James had been using his own lawnmower to look after the grass at Carnes. He’d also trim the grass at adjacent vacant properties up and down the block just to try and keep the area looking better.

Then somebody stole his lawnmower. The neighbours got together to raise money to buy a new one.

“This is what the budget was for,” says Erin. “It was very specific. US$399 for the lawnmower. US$120 for a chain and lock. US$15 for a gas can and US$8 for a sharpening tool.”

Erin says many nonprofit organisations and government programmes focus on neighbourhoods like Carnes due to high rates of diabetes and unemployment, and concerns about education and population loss.

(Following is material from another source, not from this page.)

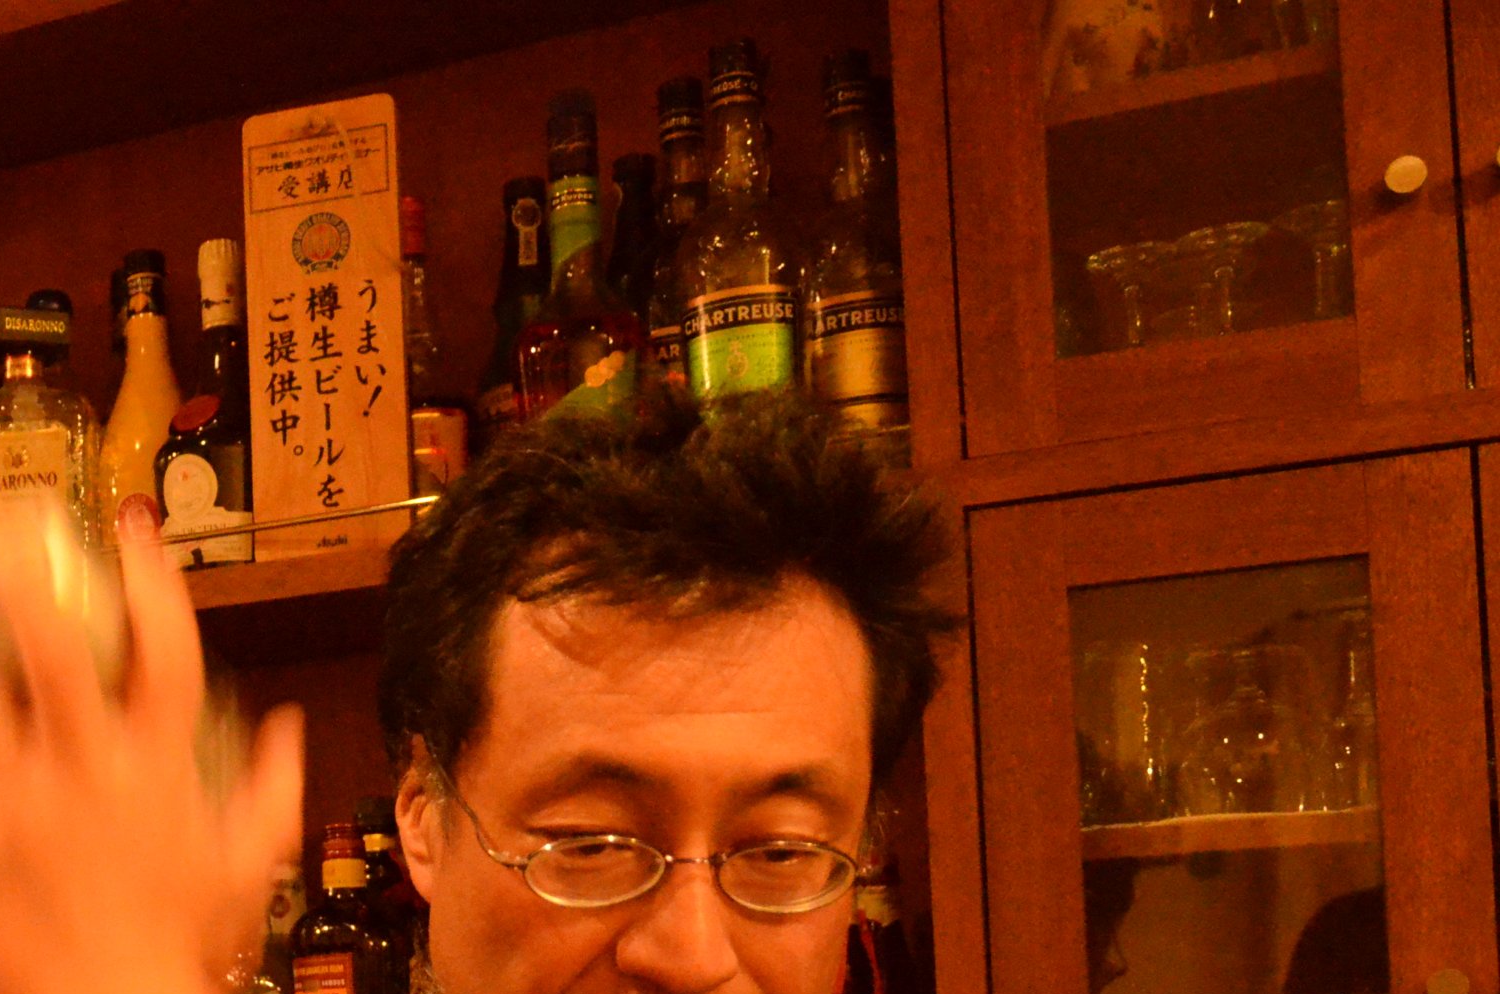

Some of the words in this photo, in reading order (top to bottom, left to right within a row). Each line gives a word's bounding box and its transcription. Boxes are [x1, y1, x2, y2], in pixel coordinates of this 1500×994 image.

“Despite all the attention paid to this neighbourhood, no government programme would ever make sure James had a new lawnmower,” she says. “Why? Because he’s just a person. And, in general, we don’t trust [individual] people in the US. I don’t think anybody would really think that was the highest use of any public funding, either.

“But people in that neighbourhood knew that James having a lawnmower meant all the vacant lots on that block would be mowed every single day. Everybody would have a little bit more pride in what they were doing. Small incremental growth really mattered to people in that neighbourhood.”

James got his lawnmower.


CASE STUDY 3 – CLEVELAND, OHIO

The Bridge that Bridges

Cleveland, Ohio used to be a manufacturing city with a ton of wealth. Home to the Rockefeller family, it received large investment in beautiful libraries and public spaces. The Rockefellers made sure trees were planted and some neighbourhoods today still benefit from their lasting beauty.

But when the manufacturing industries failed, Cleveland suffered substantial loss of jobs, wealth and ultimately population. It endured one of the most rapid population declines of any US city. Its current population of just 385,000 celebrates that fewer people left town in the past 10 years than in the previous decade.

Geographically small, the city spans just 213 square kilometres. The Cuyahoga River, which runs through the city, used to be so polluted that it caught fire in 1967 – an event which led to the creation of the US Clean Water Act.

Erin says that, today, Cleveland is a city of two halves, divided by highways through its centre that split neighbourhoods in two.

One side of the main highway enjoys the majority of the anchor institutions such as hospitals and universities and has benefited from considerable investment.

In contrast, neighbourhoods on the other side are low-income. There’s a lot of population loss and vacancy in the urban core.

“Before, those areas were tightly integrated,” says Erin. “Had a highway not been built, there would have been a far better opportunity to share some of the prosperity across those neighbourhoods. But there is one bridge.

Groups of neighbours from both sides of the highway got together and started talking about ways that they could bring their two neighbourhoods together.

“Together, they decided they were literally going to use the bridge over this gigantic highway to be The Bridge that Bridges. They started an IOBY campaign to get funding to paint the story of the two neighbourhoods on the bridge. Everybody got out to paint together. They didn’t have a permit yet from the city to do their work.

“The two leaders told us that while they were out painting one day a police officer drove onto the bridge and stopped. Everybody got really worried, really fast.

“The police officer got out the car and walked up to them. He had tears in his eyes and said, ‘thank you so much for doing this. This is so important’. And then everybody burst into tears.”

Erin says this is an important story about the way communities can come together to create good.

“Cleveland is a very law-abiding city. People there would never do the sorts of things that New Yorkers and Memphians would do.

“They really want to respect their city. Despite this, they decided to do something they knew could get them into trouble.”